┌─ Records for this exercise
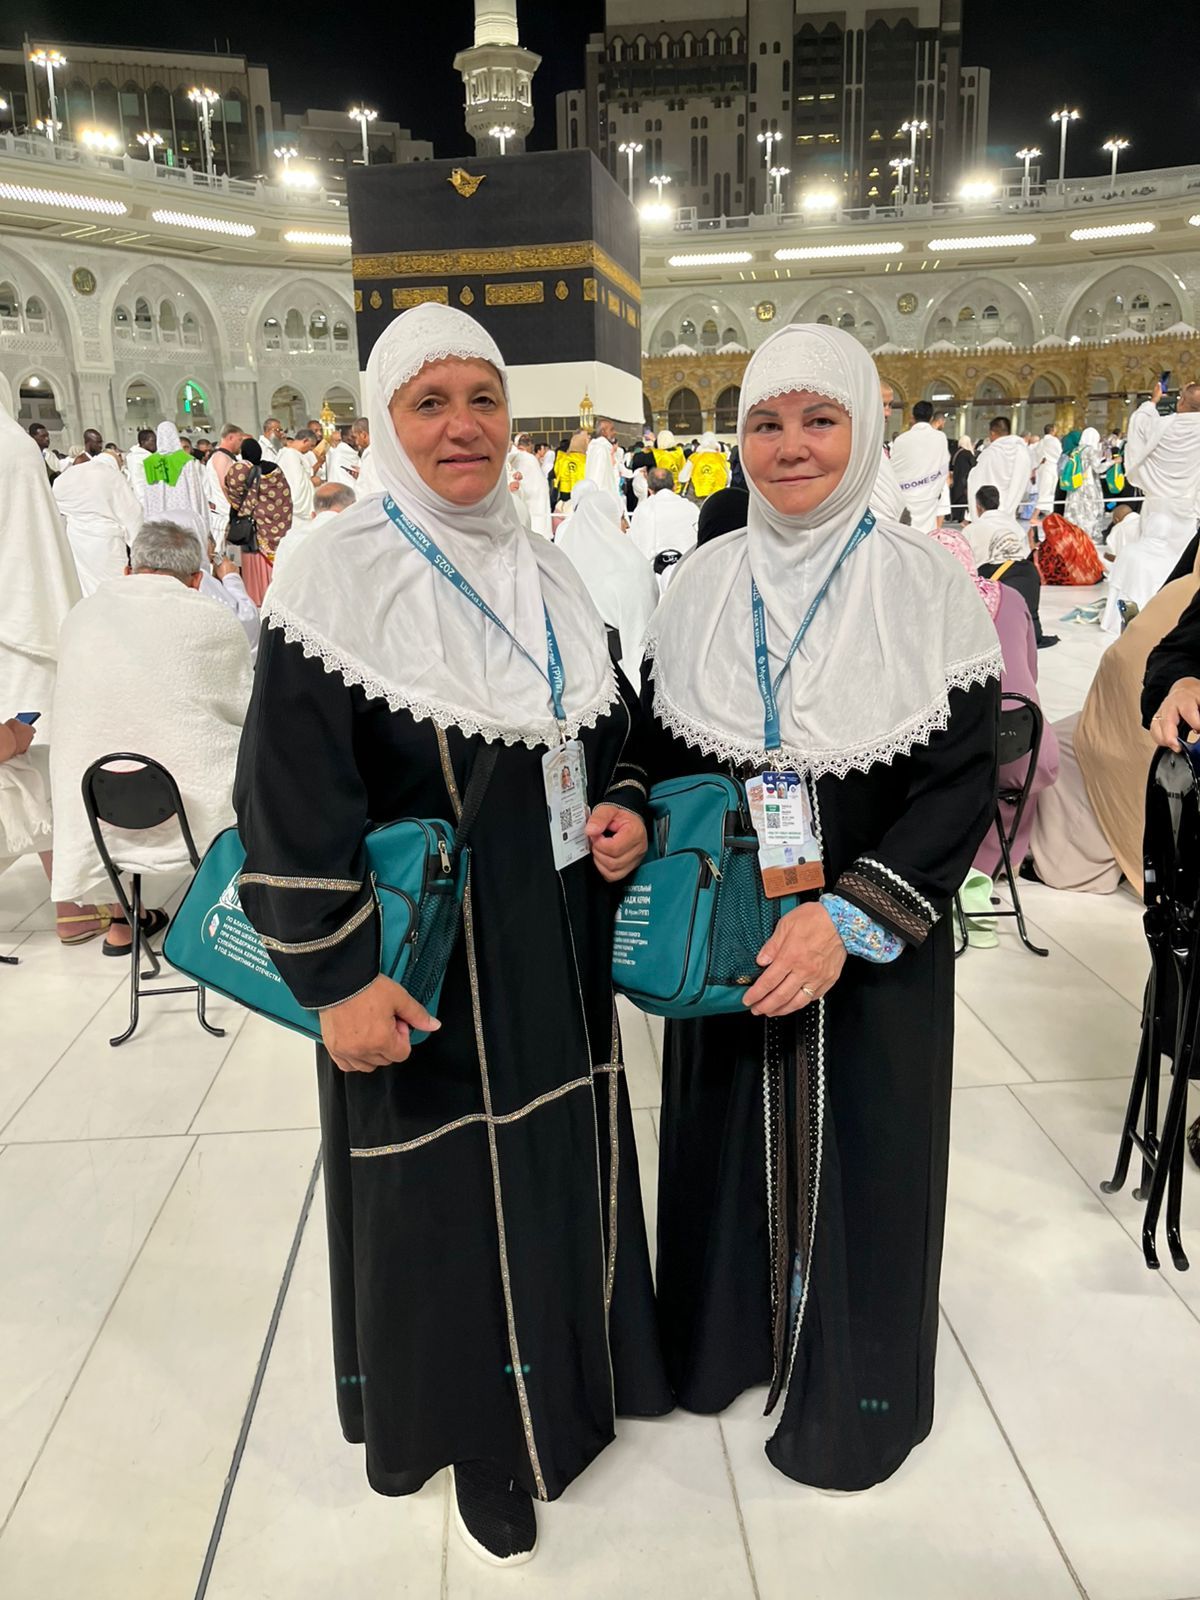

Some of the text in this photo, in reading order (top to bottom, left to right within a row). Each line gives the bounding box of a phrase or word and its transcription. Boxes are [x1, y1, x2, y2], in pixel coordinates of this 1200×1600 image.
└─
┌─ Records for this exercise
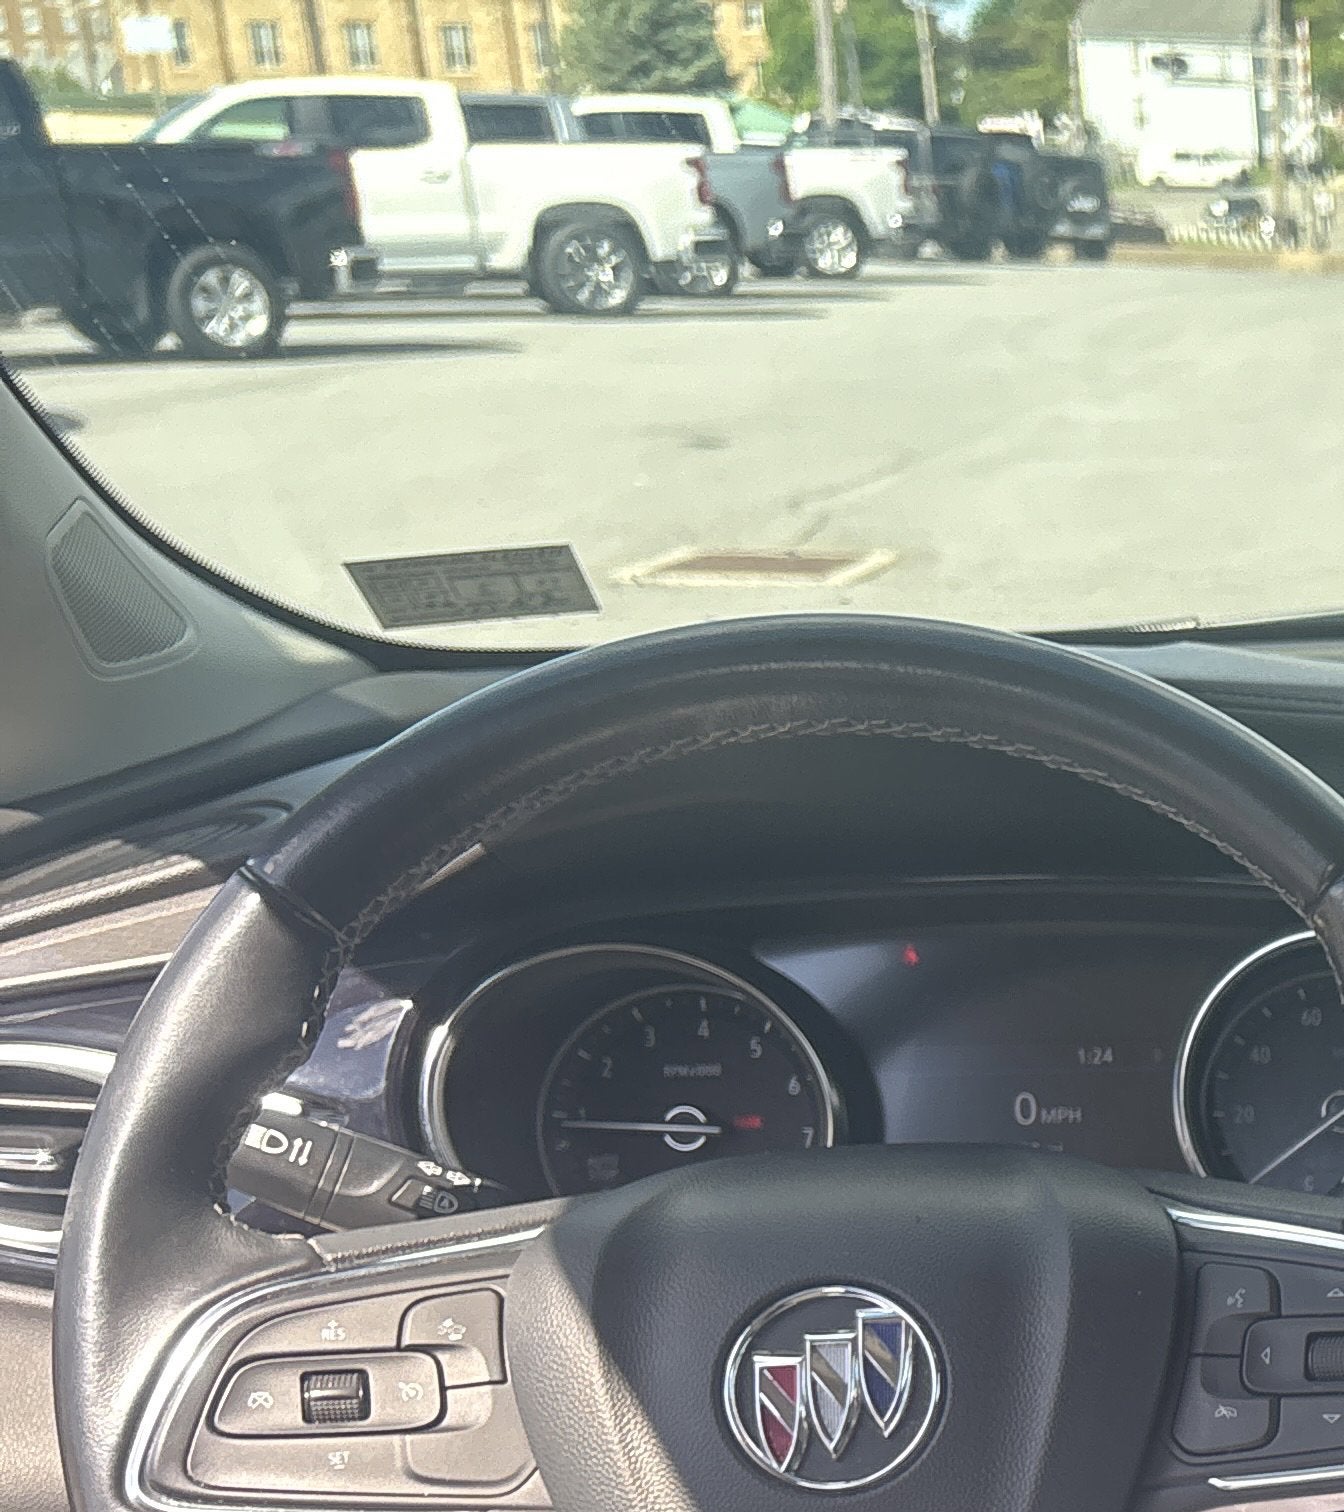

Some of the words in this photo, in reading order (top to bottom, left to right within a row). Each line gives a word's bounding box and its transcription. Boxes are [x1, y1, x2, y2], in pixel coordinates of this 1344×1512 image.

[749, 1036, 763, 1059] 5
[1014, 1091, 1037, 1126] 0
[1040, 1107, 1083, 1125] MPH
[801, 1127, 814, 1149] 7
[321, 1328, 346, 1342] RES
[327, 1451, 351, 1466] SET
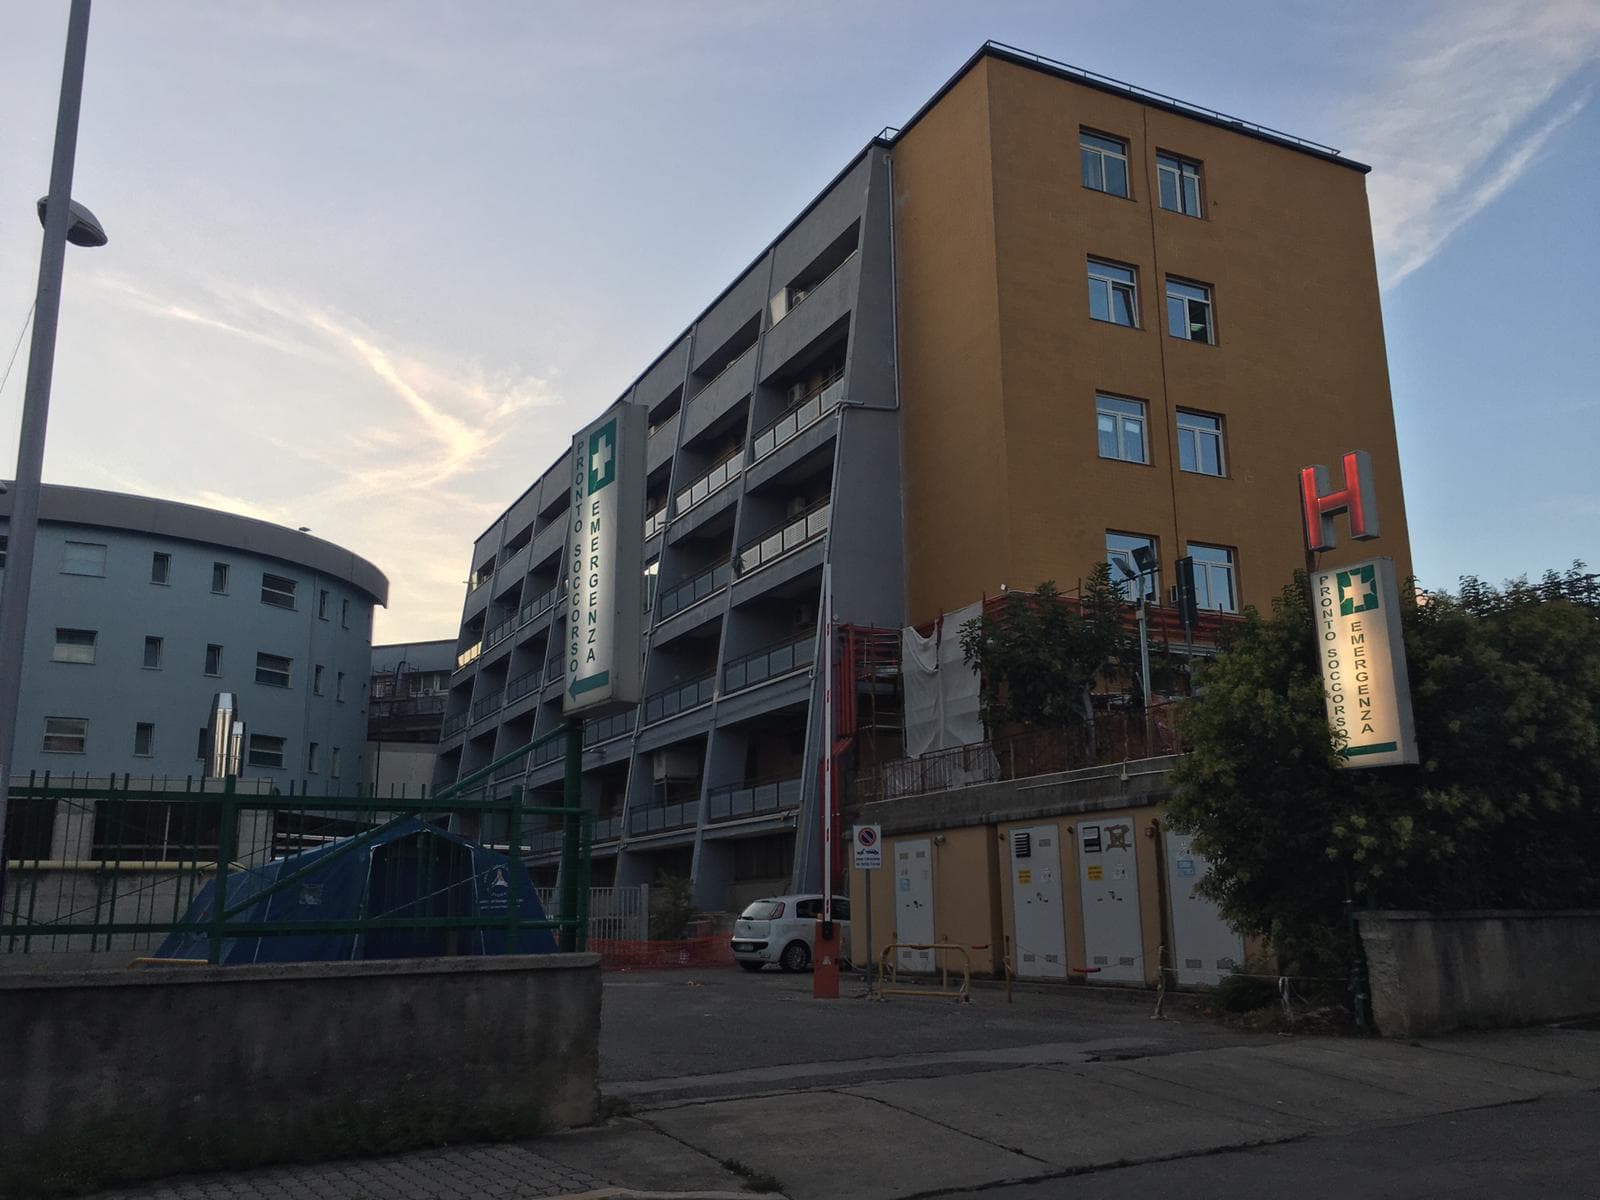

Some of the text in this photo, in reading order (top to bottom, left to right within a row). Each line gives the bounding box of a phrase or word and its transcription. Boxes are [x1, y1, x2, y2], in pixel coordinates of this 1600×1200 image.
└─
Problem requirements
Using the data above, return the lines from the one holding "Some of the words" through the one holding "this 1600×1200 image." exactly, but not the pictures.

Reply to the exercise
Some of the words in this photo, in reading order (top to bottom, left to right within a row). Each line gives a word's bounding box and its transcription. Boxes are [x1, y1, x2, y2], in pixel coordinates of this 1344×1512 image.

[749, 1036, 763, 1059] 5
[1014, 1091, 1037, 1126] 0
[1040, 1107, 1083, 1125] MPH
[801, 1127, 814, 1149] 7
[321, 1328, 346, 1342] RES
[327, 1451, 351, 1466] SET

Some of the text in this photo, in reading order (top to bottom, left to right within a row). Each line gives the bounding box of a phrase or word and its transcription. Boxes are [x1, y1, x2, y2], in pixel coordinates of this 1600×1200 image.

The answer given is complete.